Peu m’importe donc que l’auteure soit blogueuse mais ce qu’elle dit de cette activité m’intéresse. Elle explique en quoi la création d’un blog consacré à l’écriture l’a sauvée (p. 155), je ne dirai pas de quoi pour ne pas spolier mais je trouve son analyse très juste. Et combien elle a raison de souligner la disponibilité mentale que cela exige de poster régulièrement. Lire était ma vie, mon exutoire. Mais soudain toute la littérature m’était devenue étrangère (p. 165). Et cette activité qui l’avait précédemment sauvée est passée subitement à la trappe. Elle a tranché dans le vif comme on pouvait autrefois se couper les cheveux en signe de deuil.
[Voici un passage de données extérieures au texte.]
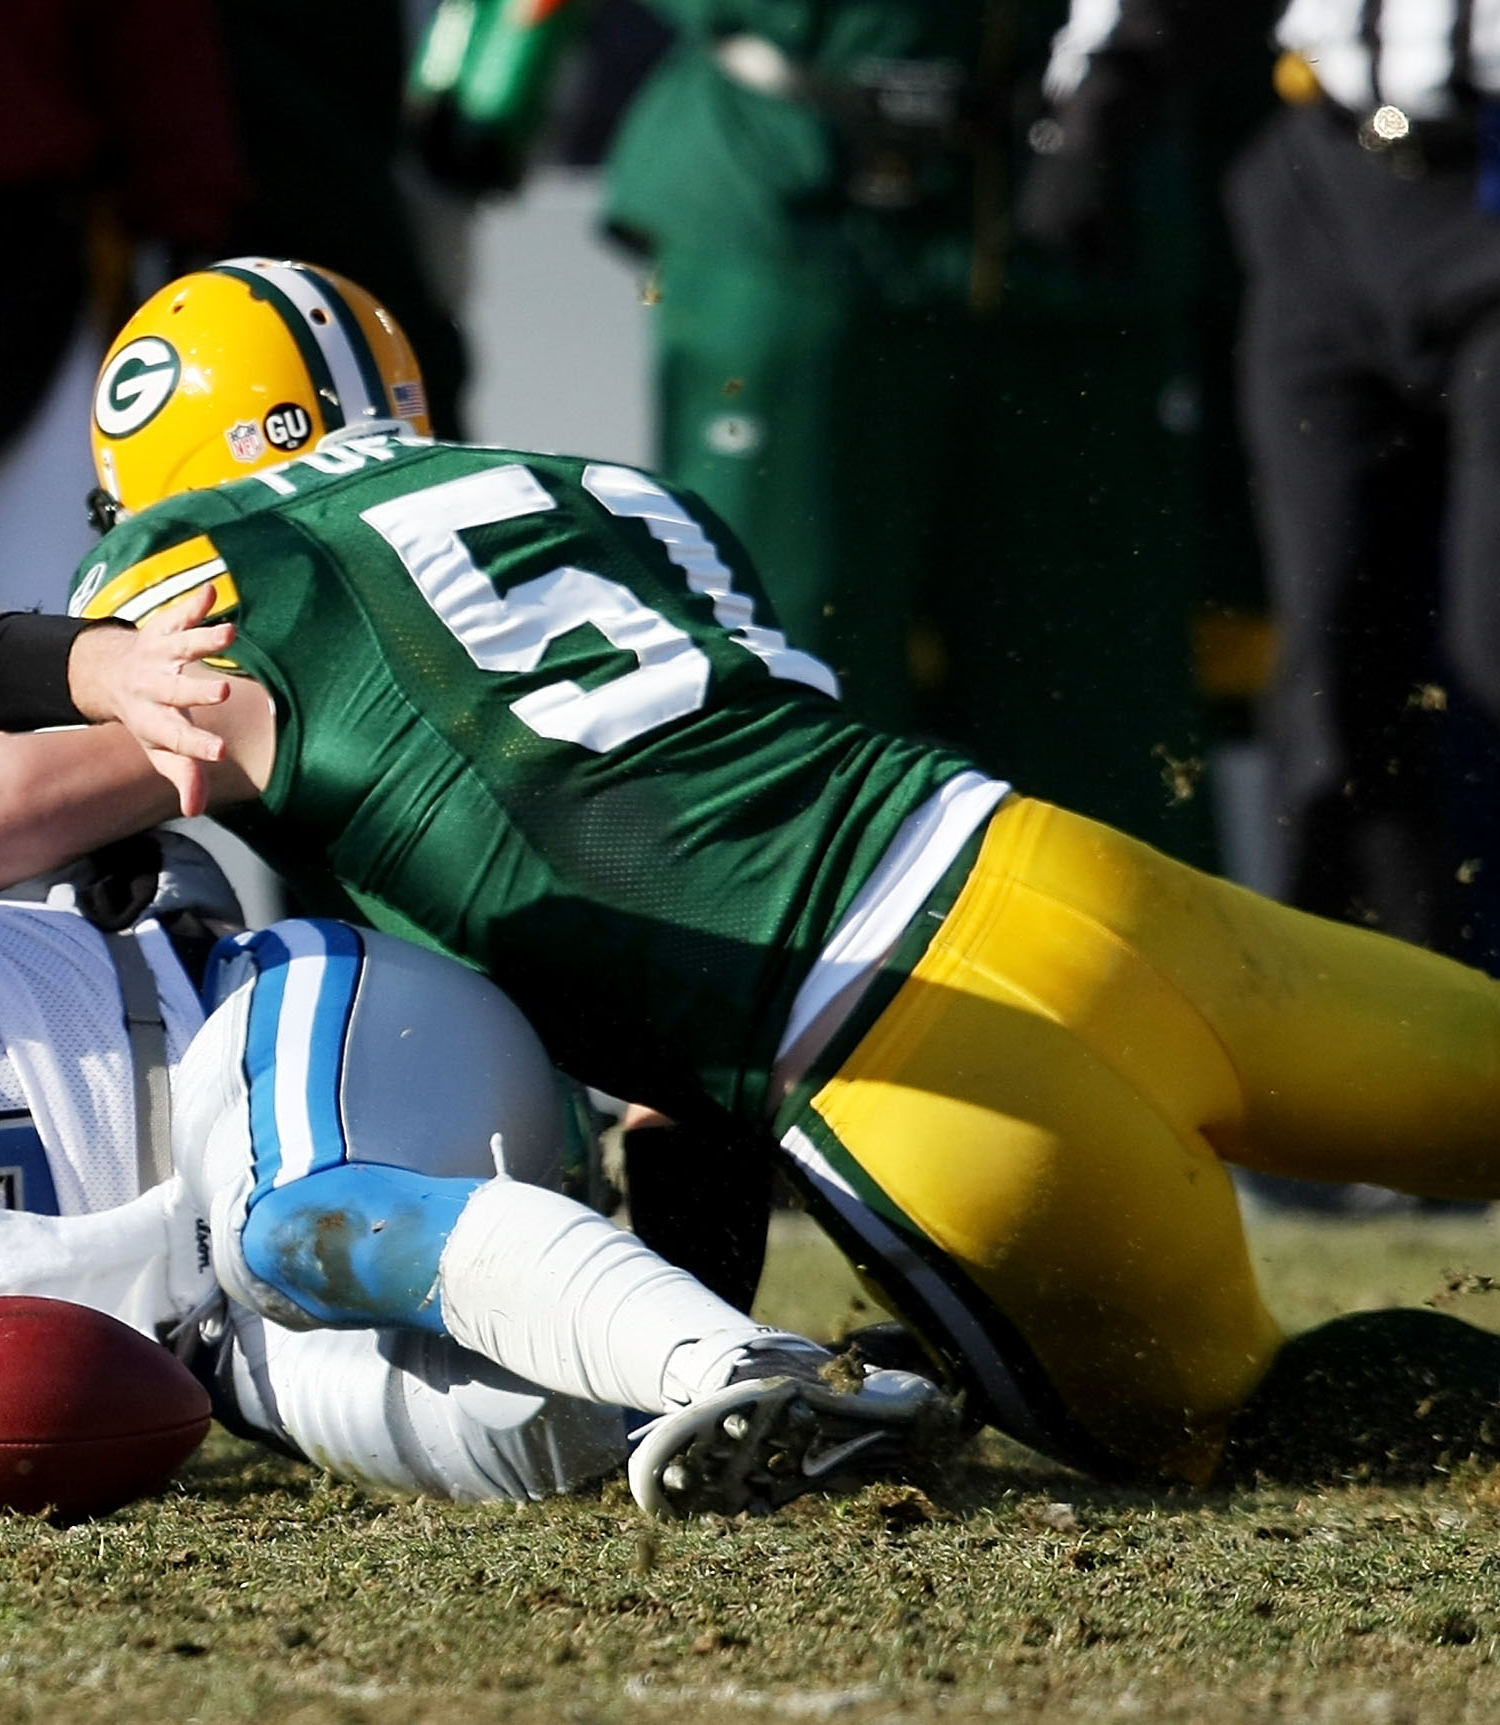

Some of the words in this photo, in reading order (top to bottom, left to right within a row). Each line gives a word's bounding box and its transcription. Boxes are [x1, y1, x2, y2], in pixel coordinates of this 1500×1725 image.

[96, 337, 176, 436] G
[265, 407, 308, 445] GU
[359, 464, 841, 754] 51
[195, 1217, 211, 1275] ilson
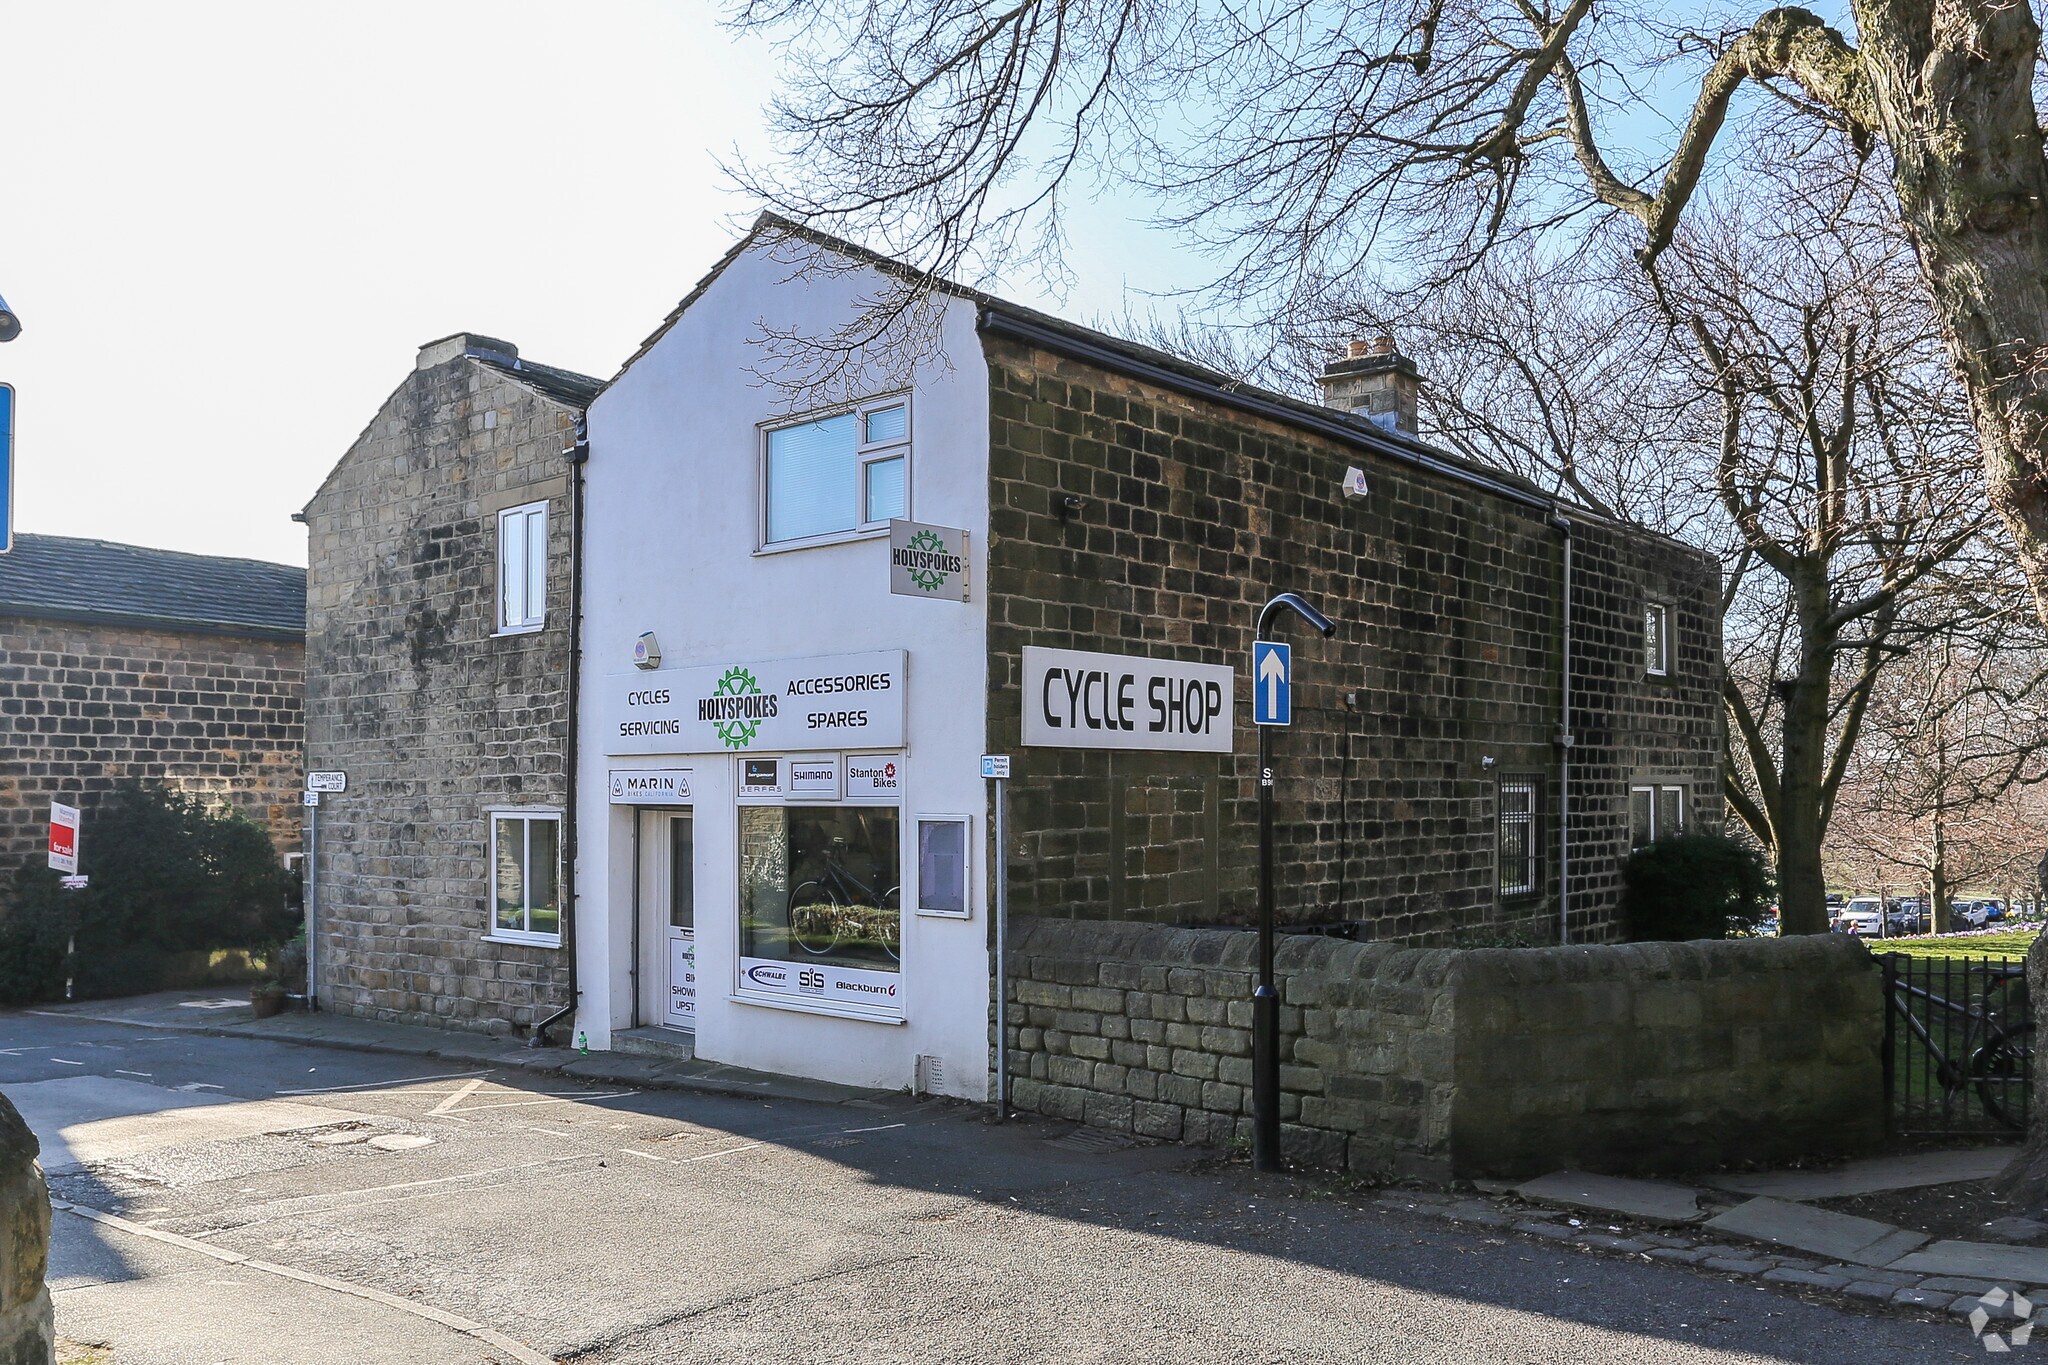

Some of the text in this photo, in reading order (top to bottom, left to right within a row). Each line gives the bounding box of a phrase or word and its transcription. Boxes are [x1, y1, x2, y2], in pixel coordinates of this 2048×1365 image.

L’homme que je ne devais pas aimer est un livre qui m’a saisie, parce qu’on y reconnaît des émotions que nous éprouvons tous, même si nous n’avons pas tous le courage ou l’audace de les vivre à fond. Il est d’une modernité absolue tout en étant universel. C’est l’œuvre d’un véritable auteur, dans la veine d’autres romans qui abordent les rapports mère-fille (et leurs conséquences) comme Fugitive parce que reine de Violaine Huisman, de Lisa Balavoine, en particulier Eparse, mais aussi dans la lignée d’écrivains comme Christine Angot.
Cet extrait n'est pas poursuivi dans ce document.